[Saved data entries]

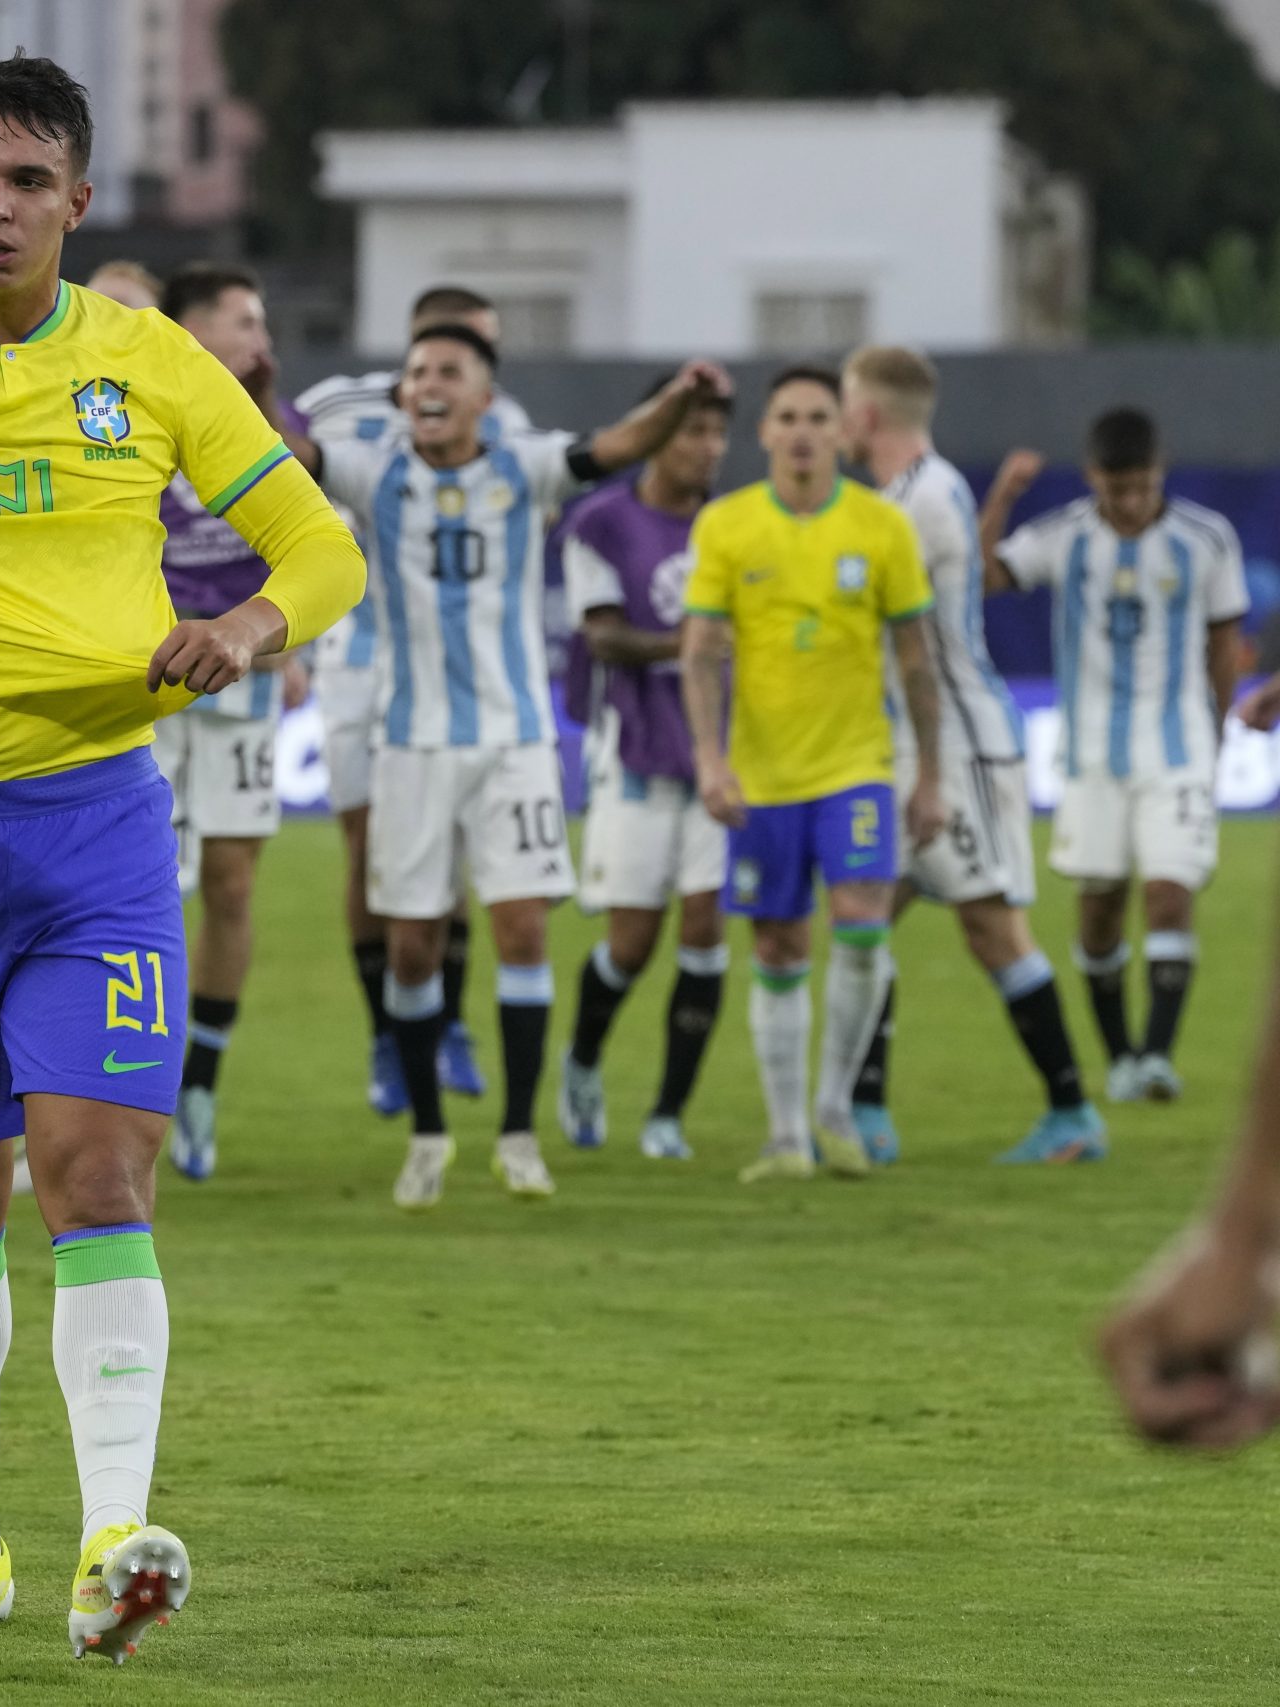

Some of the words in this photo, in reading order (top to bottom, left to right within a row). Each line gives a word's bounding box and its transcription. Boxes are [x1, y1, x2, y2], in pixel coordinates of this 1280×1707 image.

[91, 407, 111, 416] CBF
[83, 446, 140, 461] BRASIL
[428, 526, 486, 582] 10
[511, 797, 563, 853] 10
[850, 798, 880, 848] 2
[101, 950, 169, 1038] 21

* * *

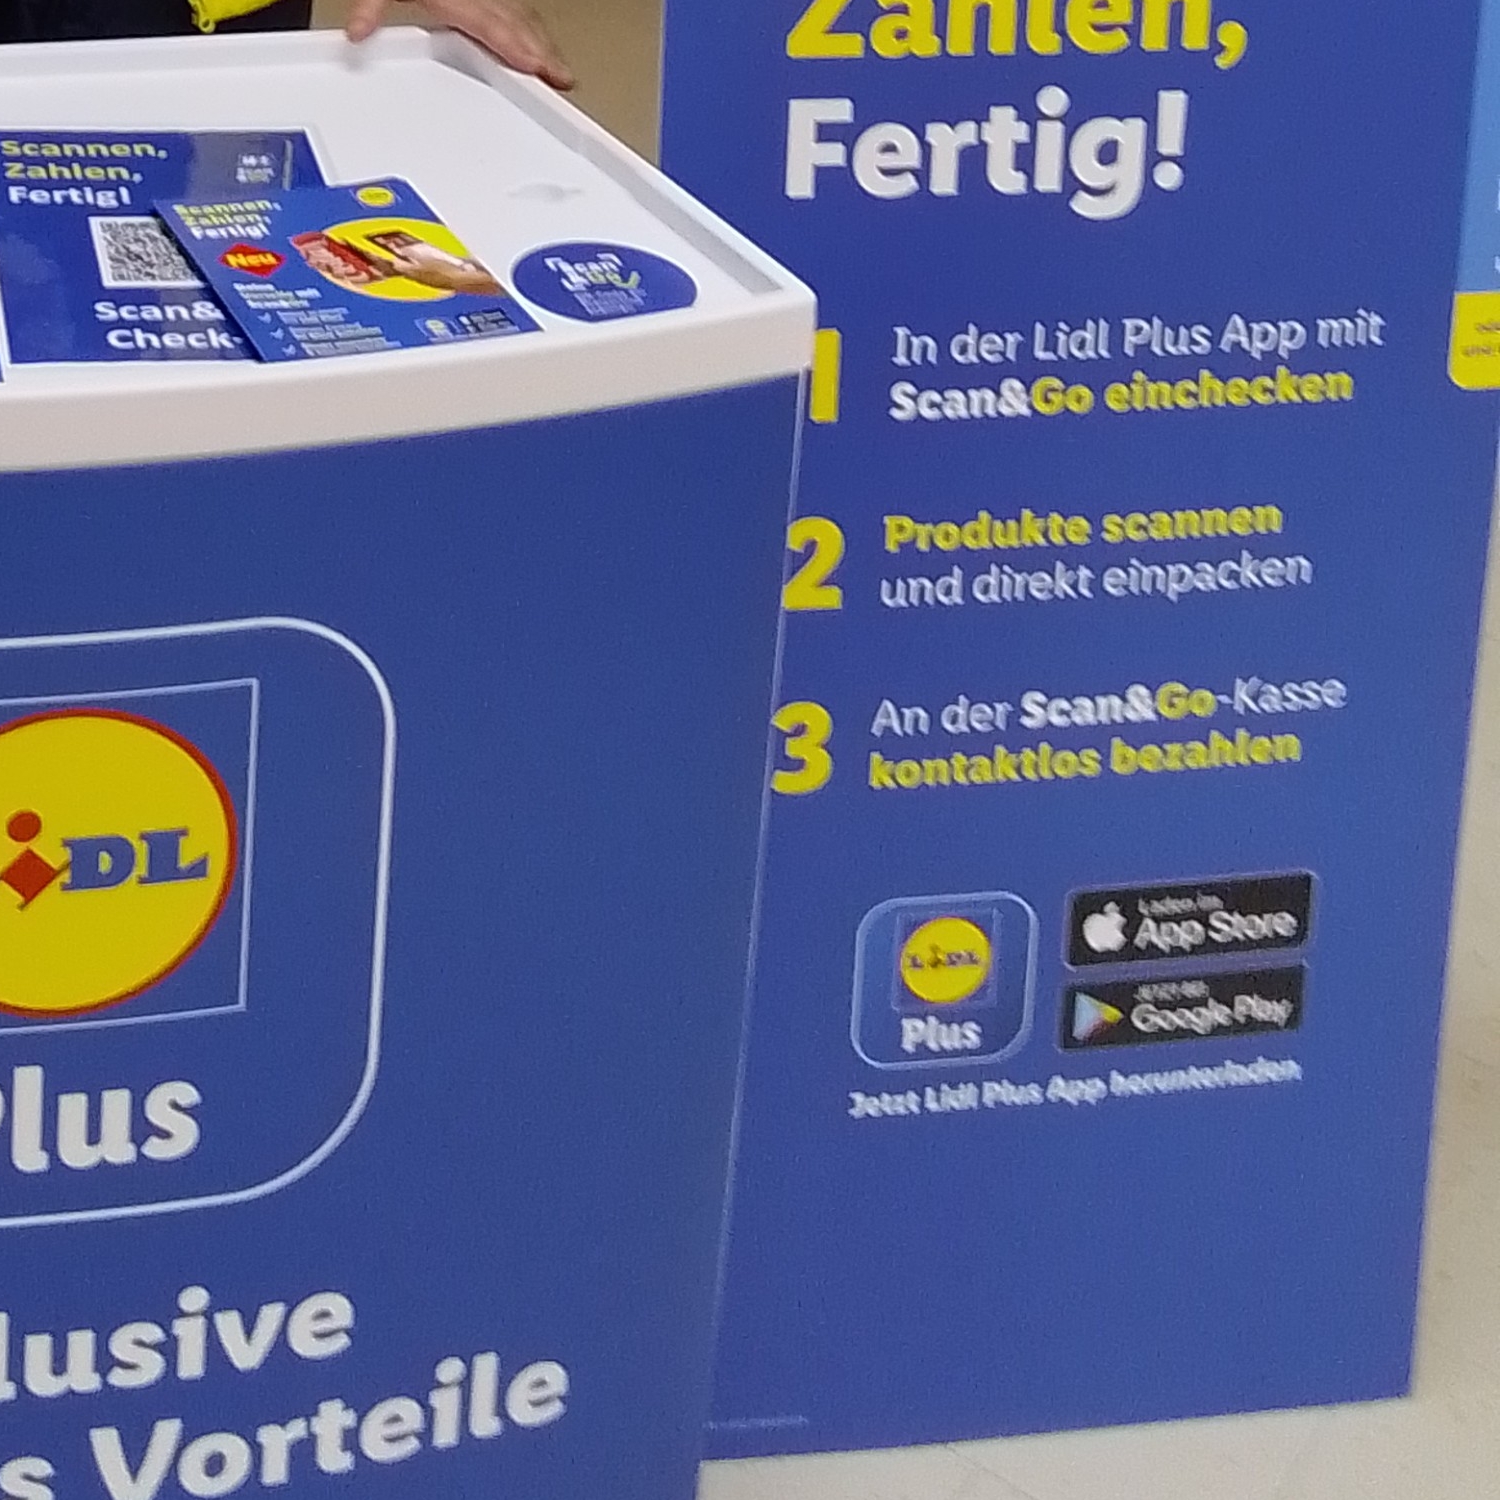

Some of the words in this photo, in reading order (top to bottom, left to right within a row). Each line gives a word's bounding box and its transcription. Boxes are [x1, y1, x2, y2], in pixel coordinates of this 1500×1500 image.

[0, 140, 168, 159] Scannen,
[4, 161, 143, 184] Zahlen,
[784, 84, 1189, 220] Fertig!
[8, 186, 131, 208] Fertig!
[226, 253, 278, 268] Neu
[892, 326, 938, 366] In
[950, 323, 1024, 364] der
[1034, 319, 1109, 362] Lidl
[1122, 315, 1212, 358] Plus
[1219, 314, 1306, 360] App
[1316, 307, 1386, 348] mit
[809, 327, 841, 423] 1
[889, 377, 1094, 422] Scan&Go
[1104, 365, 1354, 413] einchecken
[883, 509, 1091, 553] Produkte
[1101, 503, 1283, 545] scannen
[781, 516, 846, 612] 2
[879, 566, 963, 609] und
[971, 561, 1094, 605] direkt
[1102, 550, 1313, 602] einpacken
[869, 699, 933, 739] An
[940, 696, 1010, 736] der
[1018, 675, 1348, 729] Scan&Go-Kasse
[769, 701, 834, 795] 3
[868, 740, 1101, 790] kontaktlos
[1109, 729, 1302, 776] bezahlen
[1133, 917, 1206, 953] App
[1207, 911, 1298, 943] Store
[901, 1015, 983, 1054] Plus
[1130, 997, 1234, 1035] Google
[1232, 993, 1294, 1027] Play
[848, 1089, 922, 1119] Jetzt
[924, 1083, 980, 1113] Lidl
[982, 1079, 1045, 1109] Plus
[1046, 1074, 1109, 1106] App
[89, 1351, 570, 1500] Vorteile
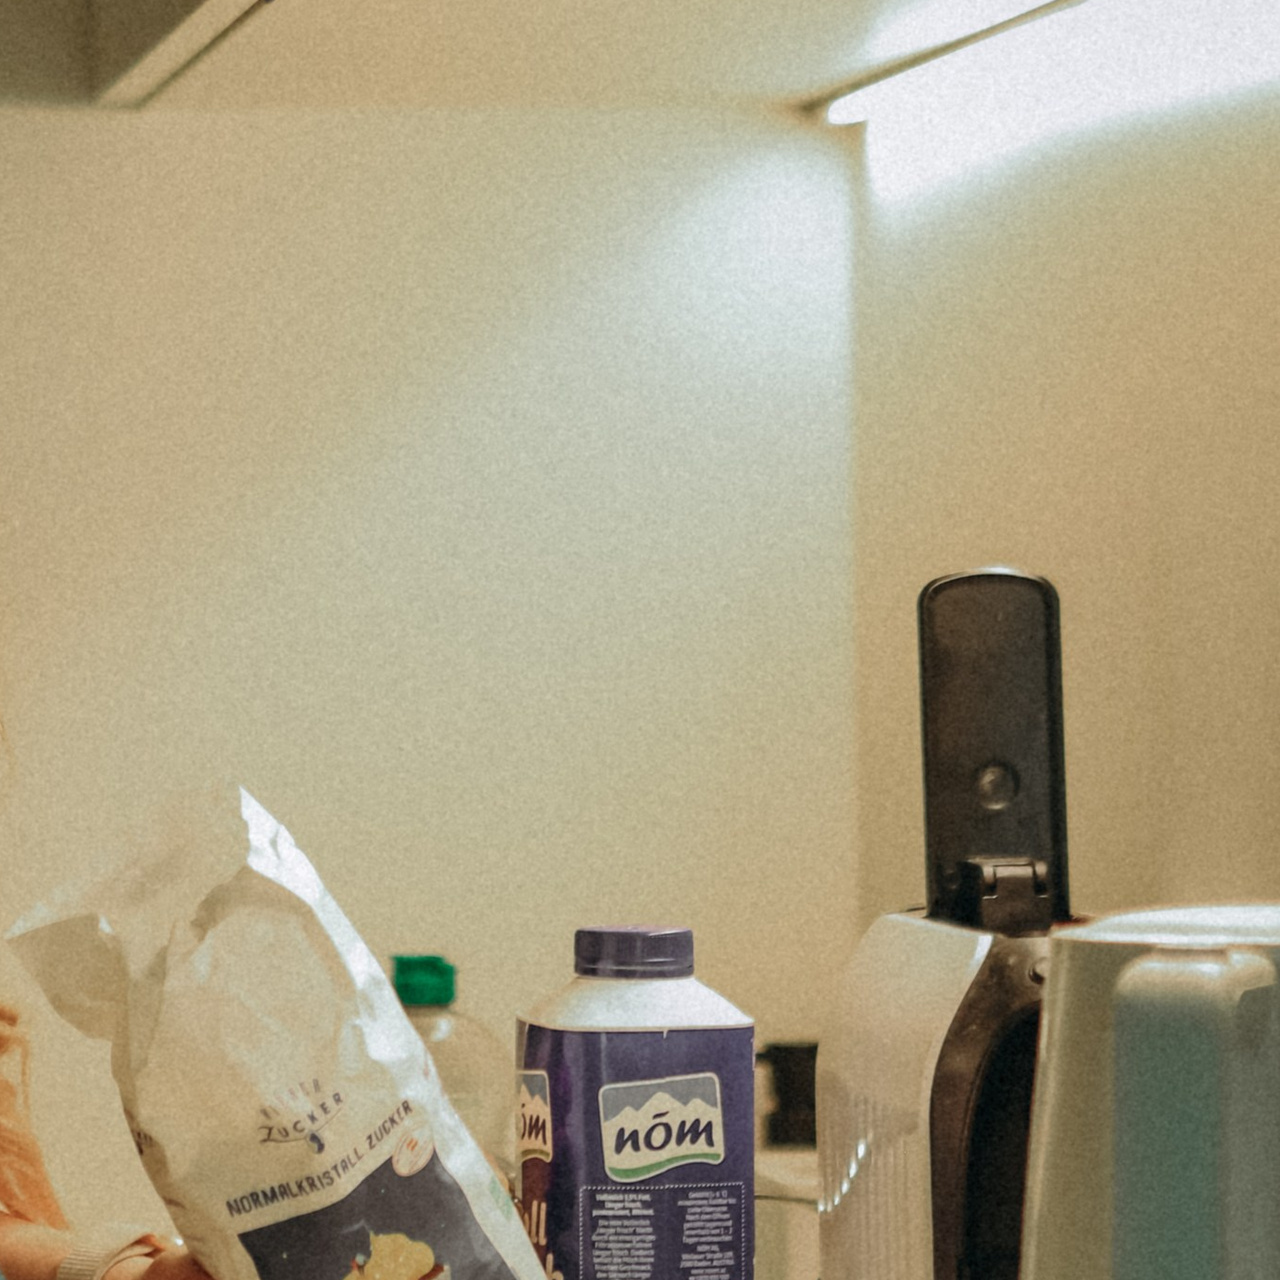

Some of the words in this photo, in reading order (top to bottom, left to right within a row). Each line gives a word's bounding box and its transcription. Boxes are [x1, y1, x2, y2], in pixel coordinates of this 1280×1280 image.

• **Problem description**: Would you copy the lines above exactly, starting with the one that has "this 1500×1500 image." and ending with the one that has "this 1280×1280 image.", both included, without the pictures?

• **Task response**:
Some of the words in this photo, in reading order (top to bottom, left to right within a row). Each line gives a word's bounding box and its transcription. Boxes are [x1, y1, x2, y2], in pixel coordinates of this 1500×1500 image.

[0, 140, 168, 159] Scannen,
[4, 161, 143, 184] Zahlen,
[784, 84, 1189, 220] Fertig!
[8, 186, 131, 208] Fertig!
[226, 253, 278, 268] Neu
[892, 326, 938, 366] In
[950, 323, 1024, 364] der
[1034, 319, 1109, 362] Lidl
[1122, 315, 1212, 358] Plus
[1219, 314, 1306, 360] App
[1316, 307, 1386, 348] mit
[809, 327, 841, 423] 1
[889, 377, 1094, 422] Scan&Go
[1104, 365, 1354, 413] einchecken
[883, 509, 1091, 553] Produkte
[1101, 503, 1283, 545] scannen
[781, 516, 846, 612] 2
[879, 566, 963, 609] und
[971, 561, 1094, 605] direkt
[1102, 550, 1313, 602] einpacken
[869, 699, 933, 739] An
[940, 696, 1010, 736] der
[1018, 675, 1348, 729] Scan&Go-Kasse
[769, 701, 834, 795] 3
[868, 740, 1101, 790] kontaktlos
[1109, 729, 1302, 776] bezahlen
[1133, 917, 1206, 953] App
[1207, 911, 1298, 943] Store
[901, 1015, 983, 1054] Plus
[1130, 997, 1234, 1035] Google
[1232, 993, 1294, 1027] Play
[848, 1089, 922, 1119] Jetzt
[924, 1083, 980, 1113] Lidl
[982, 1079, 1045, 1109] Plus
[1046, 1074, 1109, 1106] App
[89, 1351, 570, 1500] Vorteile

Some of the words in this photo, in reading order (top to bottom, left to right within a row). Each line gives a word's bounding box and its transcription. Boxes are [x1, y1, x2, y2], in pixel coordinates of this 1280×1280 image.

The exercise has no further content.